Quant à notre Maurice national, il nous redonnait la pêche avec des chansons entraînantes comme Notre espoir. "Zim boum boum ta gada". Maurice donne l’exemple, il estime de son devoir de redonner du coeur à nos ventres vides. La Chanson du maçon a aussi été un grand succès.

 

Ah les Teutons (un des nombreux surnoms de l’occupant honni avec Schleus, Fridolins, Fritz, Doryphores etc...). Peu à peu, la parole est donné aux pelotons d’exécution. On fusille pour l’exemple, encore plus que pour faits de résistance un peu partout en France.

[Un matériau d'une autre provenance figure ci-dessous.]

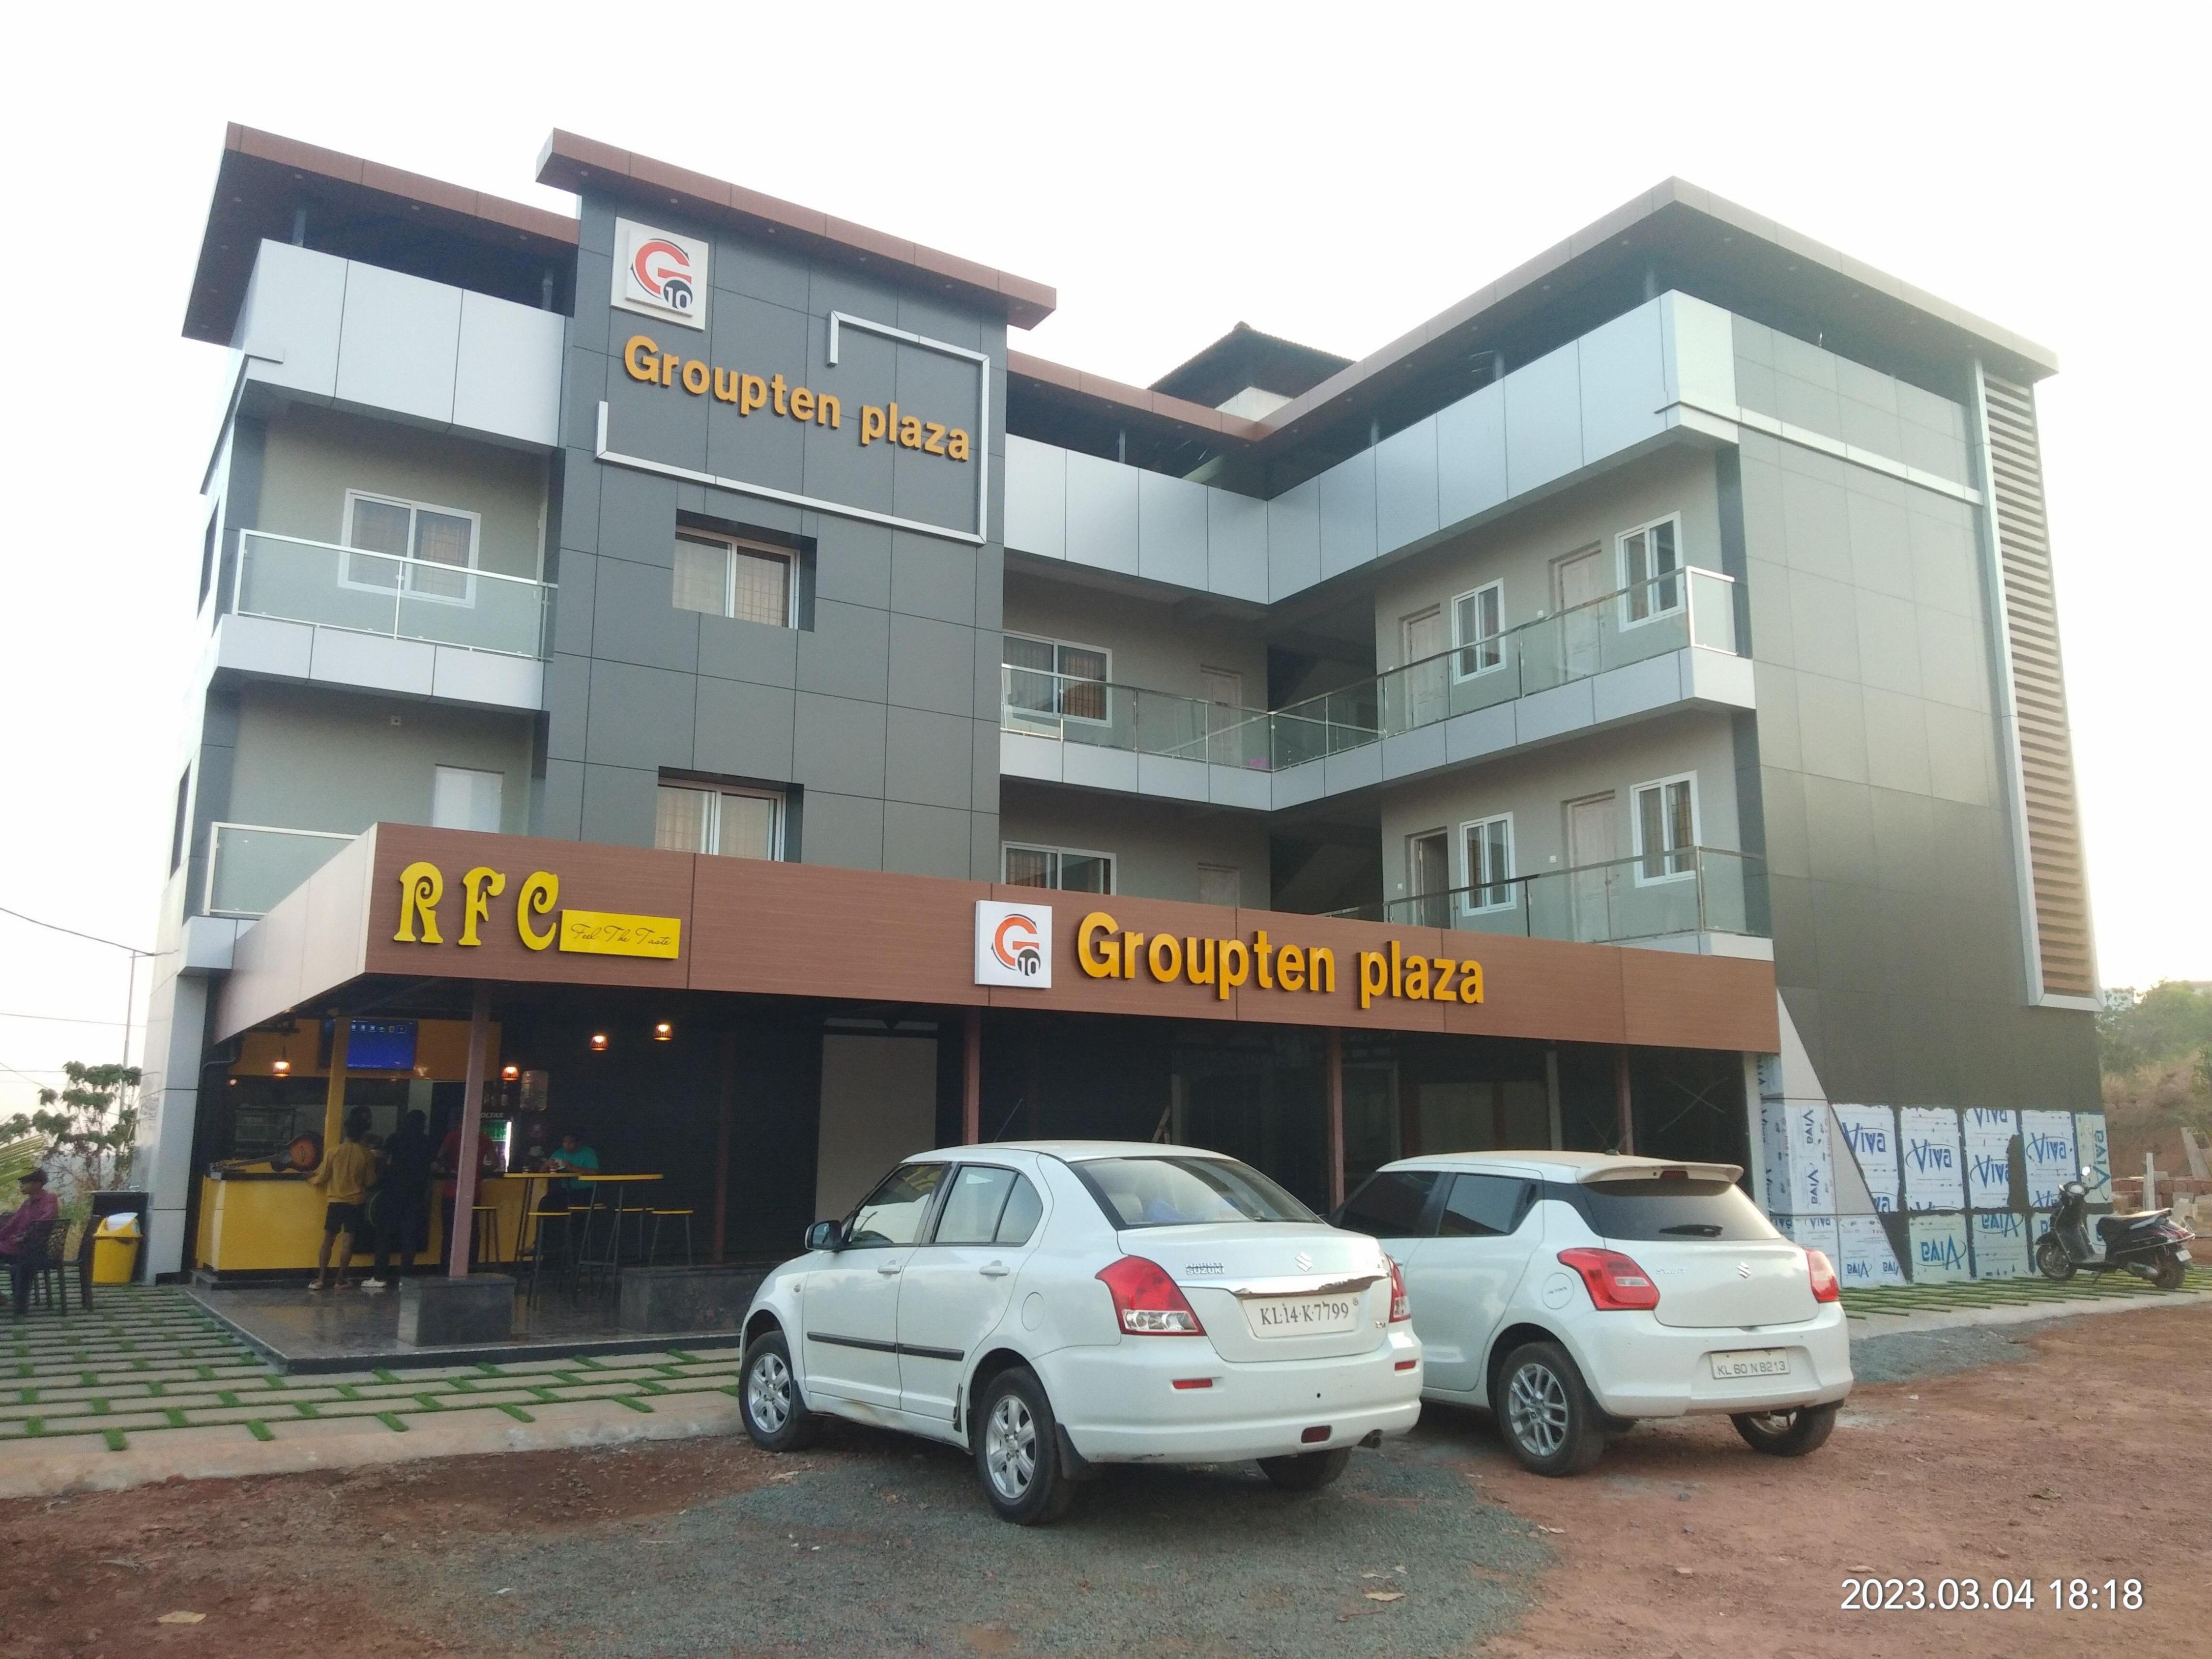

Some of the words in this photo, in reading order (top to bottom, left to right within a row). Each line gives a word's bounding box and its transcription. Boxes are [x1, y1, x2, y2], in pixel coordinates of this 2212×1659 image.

[625, 335, 840, 428] Groupten
[862, 402, 969, 461] plaza
[571, 923, 602, 939] Feel
[604, 925, 631, 942] The
[635, 928, 671, 945] Taste
[1077, 911, 1336, 1000] Groupten
[1359, 940, 1484, 1009] plaza
[1717, 1365, 1732, 1375] KL

Comment s’y prendre sans se faire prendre ? Une minorité résistait et la masse a attendu des jours meilleurs. Comme toujours, comme partout. Les gens de ce pays avait déjà donné en 14-18 pour un bilan qu’ils avaient trouvé globalement discutable, c’est le moins qu’on puisse en dire. Le coup de la der des ders, une fois ça va, après...

 

"Radio Paris ment, Radio Paris ment / Radio Paris est All’mand" chantait à la BBC, sur l’air de La Cucaracha, Pierre Dac qui avait pu rallier la France libre. C’est pourquoi, dans pratiquement tous les foyers de France, le soir venu, nous avions l’oreille collée au poste pour nous désintoxiquer de ces radios menteuses : "Toum toum toum tunnnnnm ! Ici Londres ! Les Français parlent aux Français !"

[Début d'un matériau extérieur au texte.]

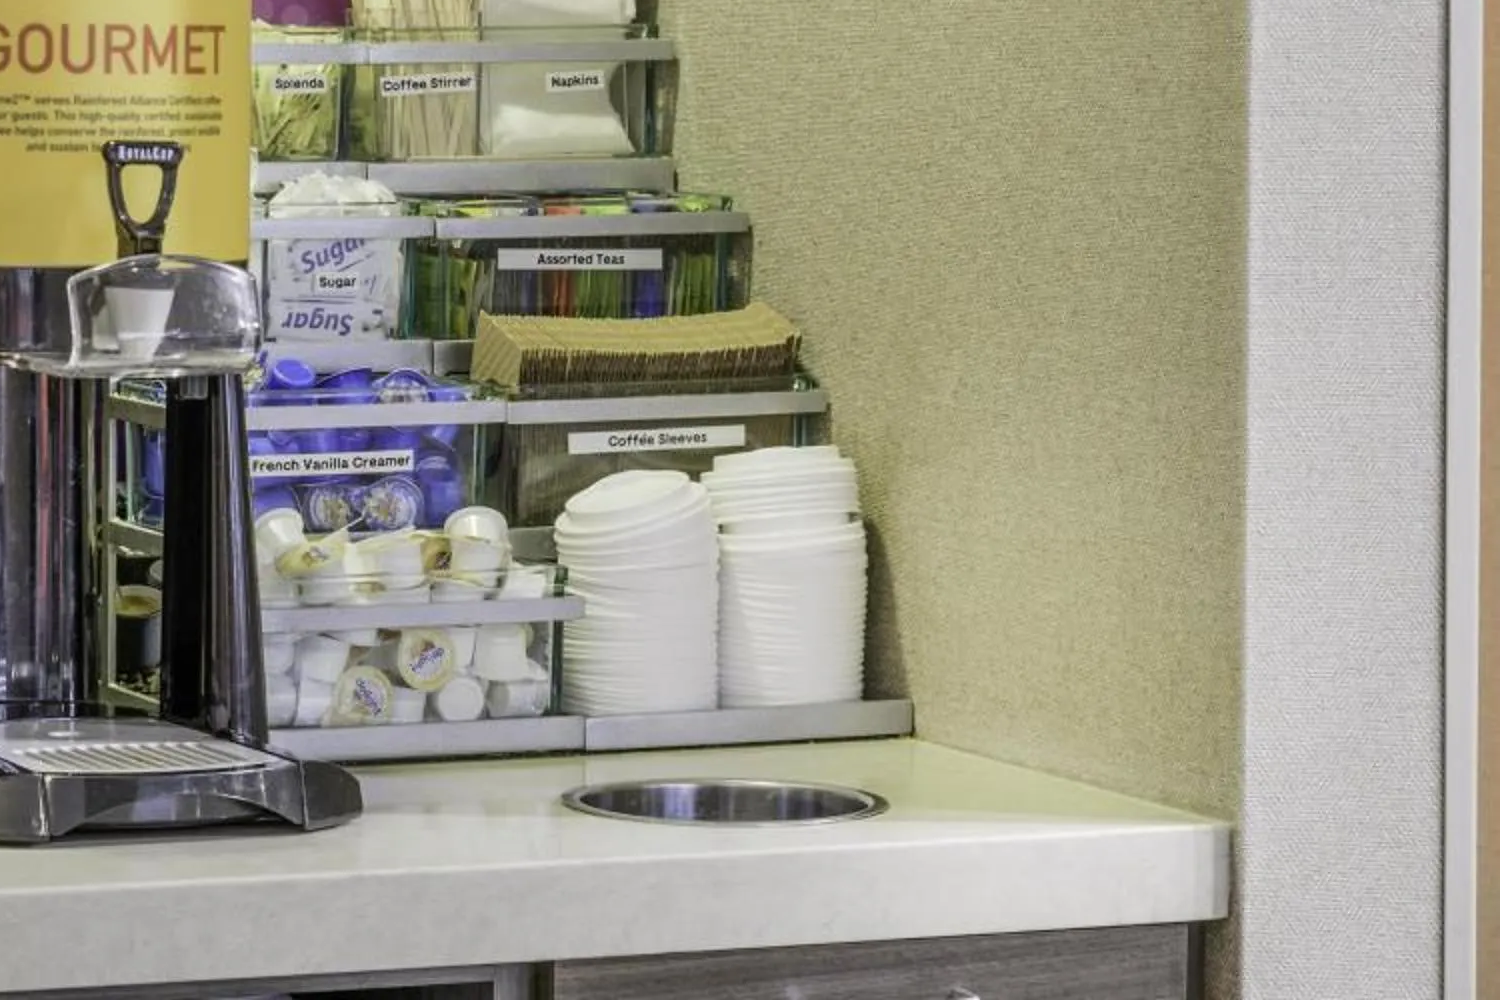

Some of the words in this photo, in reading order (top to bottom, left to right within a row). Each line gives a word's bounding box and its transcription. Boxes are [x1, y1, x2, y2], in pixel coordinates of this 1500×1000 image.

[275, 77, 325, 90] Splenda
[383, 80, 426, 92] Coffee
[430, 77, 471, 89] Stirrer
[551, 74, 599, 89] Napkins
[301, 238, 366, 275] Sugar
[537, 252, 593, 265] Assorted
[596, 253, 625, 265] Teas
[319, 275, 357, 290] Sugar
[281, 307, 354, 337] Sugar
[607, 434, 655, 447] Coffee
[658, 432, 708, 446] Sleeves
[253, 458, 300, 472] French
[303, 457, 349, 471] Vanilla
[351, 454, 411, 470] Creamer

Dans l’attente de bonnes nouvelles, petites ou grandes, une faible lueur d’espoir renaissait quand on tournait le bouton jusqu’à la bonne longueur d’onde, qu’on connaissait par coeur, en prenant bien soin d’étouffer le son et de remettre, après écoute, l’aiguille sur une autre station, car on savait qu’il y avait des sanctions si on enfreignait l’ordre d’interdiction. On écoutait aussi et surtout ces radios pour la musique. Pour le swing !

 

Je suis swing chanté par Johnny Hess et son "da dou da da da dada-dza dza etc...

Cela aussi les jeunes aimaient bien, comme pour la Tour Eiffel de Trenet qui partait en balade et le facteur qui s’envolait ; ça nous plaisait d’autant plus que les anciens étaient consternés. Déjà !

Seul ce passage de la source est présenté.